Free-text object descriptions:
****************************************

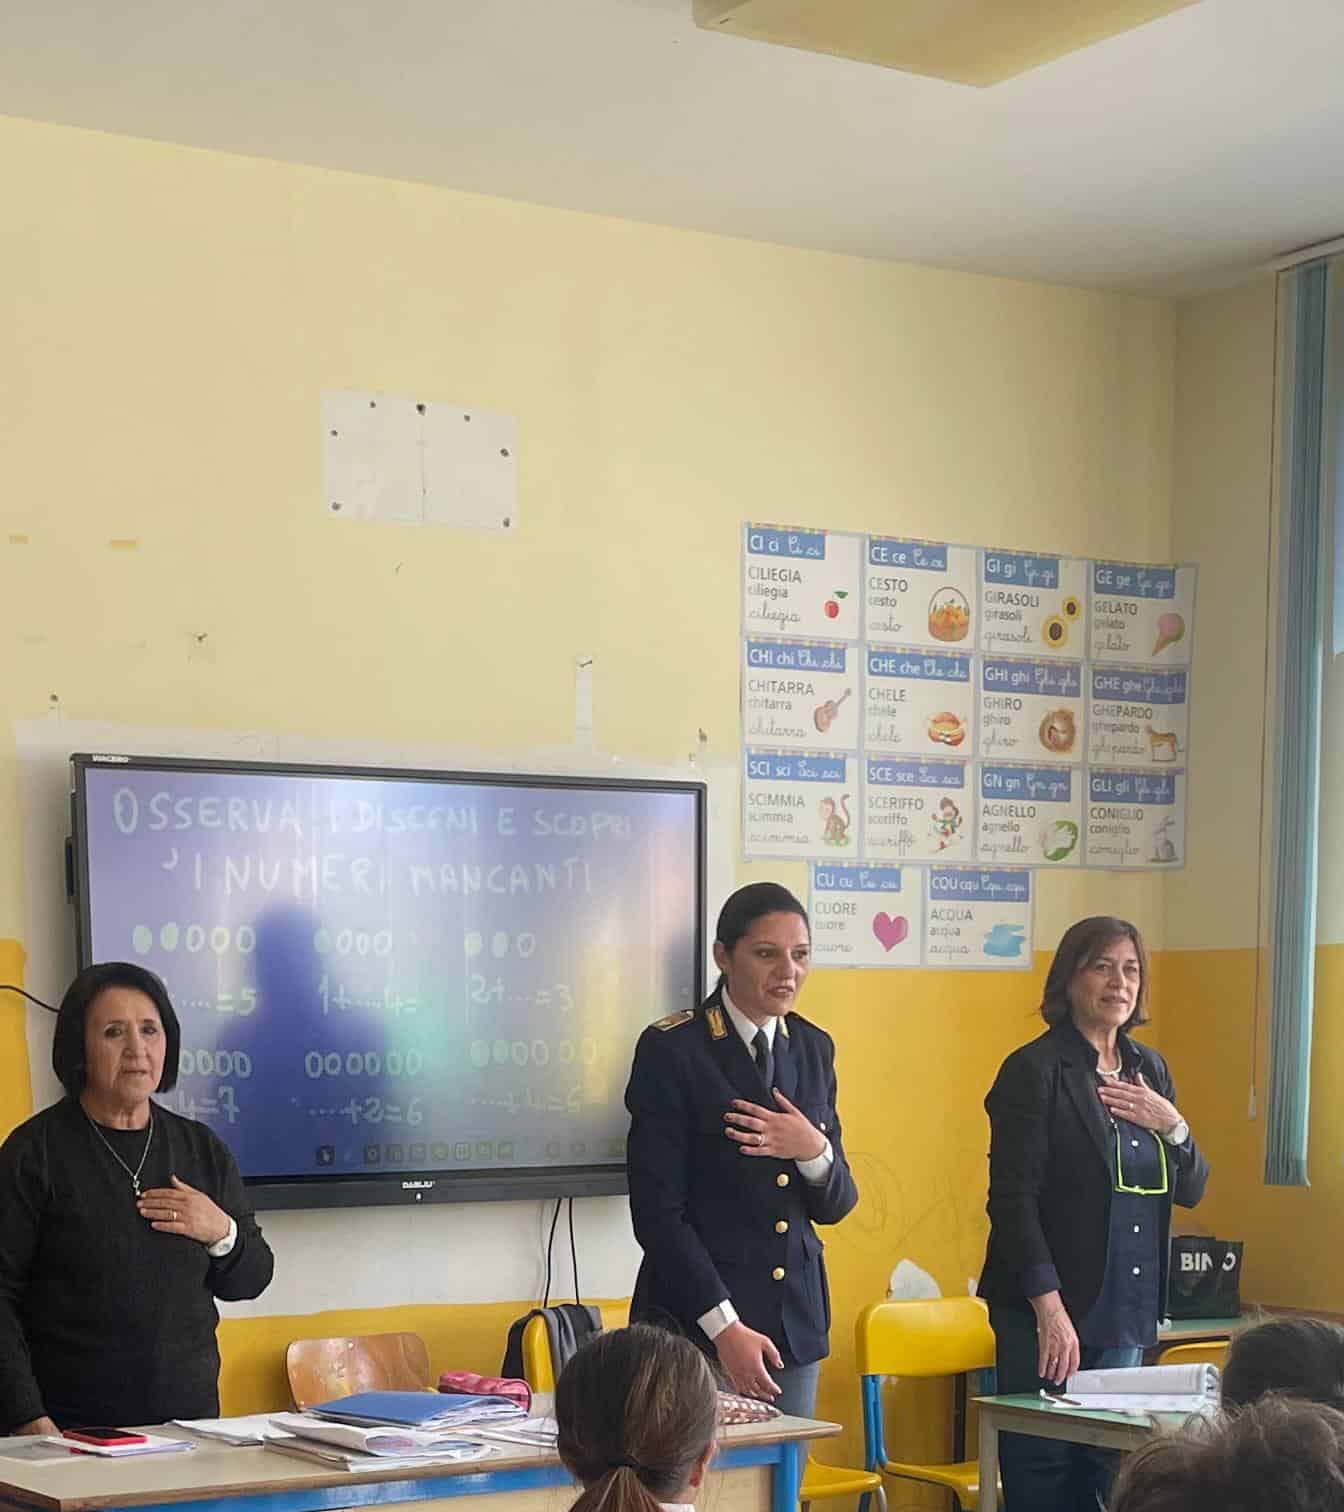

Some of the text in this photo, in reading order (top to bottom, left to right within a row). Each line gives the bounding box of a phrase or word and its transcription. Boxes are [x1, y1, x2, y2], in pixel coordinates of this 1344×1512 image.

[872, 547, 888, 562] CE
[987, 559, 1001, 573] GI
[748, 566, 801, 583] CILIEGIA
[748, 583, 788, 600] ciliegia
[869, 577, 908, 592] CESTO
[869, 596, 897, 607] cesto
[985, 591, 1039, 607] GIRASOLI
[748, 601, 801, 630] ciliegia
[1094, 601, 1138, 616] GELATO
[984, 609, 1022, 623] girasoli
[1094, 619, 1125, 631] gelato
[751, 650, 773, 664] CHI
[870, 658, 895, 672] CHE
[900, 661, 920, 673] che
[748, 680, 815, 696] CHITARRA
[869, 688, 906, 702] CHELE
[748, 699, 792, 711] chitarra
[869, 705, 896, 717] chele
[984, 697, 1022, 711] GHIRO
[1093, 705, 1152, 720] GHEPARDO
[983, 713, 1011, 727] ghiro
[870, 767, 892, 781] SCE
[748, 792, 805, 808] SCIMMIA
[868, 796, 924, 810] SCERIFFO
[113, 788, 304, 837] OSSERVA
[498, 808, 516, 834] E
[532, 809, 632, 840] SCOPRI
[748, 811, 793, 824] scimmia
[982, 805, 1036, 818] AGNELLO
[1090, 808, 1144, 821] CONIGLIO
[868, 813, 908, 825] sceriffo
[982, 820, 1020, 833] agnello
[225, 854, 386, 898] NUMERI
[410, 858, 592, 896] MANCANTI
[815, 902, 856, 914] CUORE
[930, 909, 973, 922] ACQUA
[815, 920, 845, 930] cuore
[930, 927, 961, 937] acqua

****************************************

▶ _TASK ITEM_
Restating the data word for word is the task, and pictures are to be omitted.

▶ _FINISHED EXERCISE_
Some of the text in this photo, in reading order (top to bottom, left to right within a row). Each line gives the bounding box of a phrase or word and its transcription. Boxes are [x1, y1, x2, y2], in pixel coordinates of this 1344×1512 image.

[872, 547, 888, 562] CE
[987, 559, 1001, 573] GI
[748, 566, 801, 583] CILIEGIA
[748, 583, 788, 600] ciliegia
[869, 577, 908, 592] CESTO
[869, 596, 897, 607] cesto
[985, 591, 1039, 607] GIRASOLI
[748, 601, 801, 630] ciliegia
[1094, 601, 1138, 616] GELATO
[984, 609, 1022, 623] girasoli
[1094, 619, 1125, 631] gelato
[751, 650, 773, 664] CHI
[870, 658, 895, 672] CHE
[900, 661, 920, 673] che
[748, 680, 815, 696] CHITARRA
[869, 688, 906, 702] CHELE
[748, 699, 792, 711] chitarra
[869, 705, 896, 717] chele
[984, 697, 1022, 711] GHIRO
[1093, 705, 1152, 720] GHEPARDO
[983, 713, 1011, 727] ghiro
[870, 767, 892, 781] SCE
[748, 792, 805, 808] SCIMMIA
[868, 796, 924, 810] SCERIFFO
[113, 788, 304, 837] OSSERVA
[498, 808, 516, 834] E
[532, 809, 632, 840] SCOPRI
[748, 811, 793, 824] scimmia
[982, 805, 1036, 818] AGNELLO
[1090, 808, 1144, 821] CONIGLIO
[868, 813, 908, 825] sceriffo
[982, 820, 1020, 833] agnello
[225, 854, 386, 898] NUMERI
[410, 858, 592, 896] MANCANTI
[815, 902, 856, 914] CUORE
[930, 909, 973, 922] ACQUA
[815, 920, 845, 930] cuore
[930, 927, 961, 937] acqua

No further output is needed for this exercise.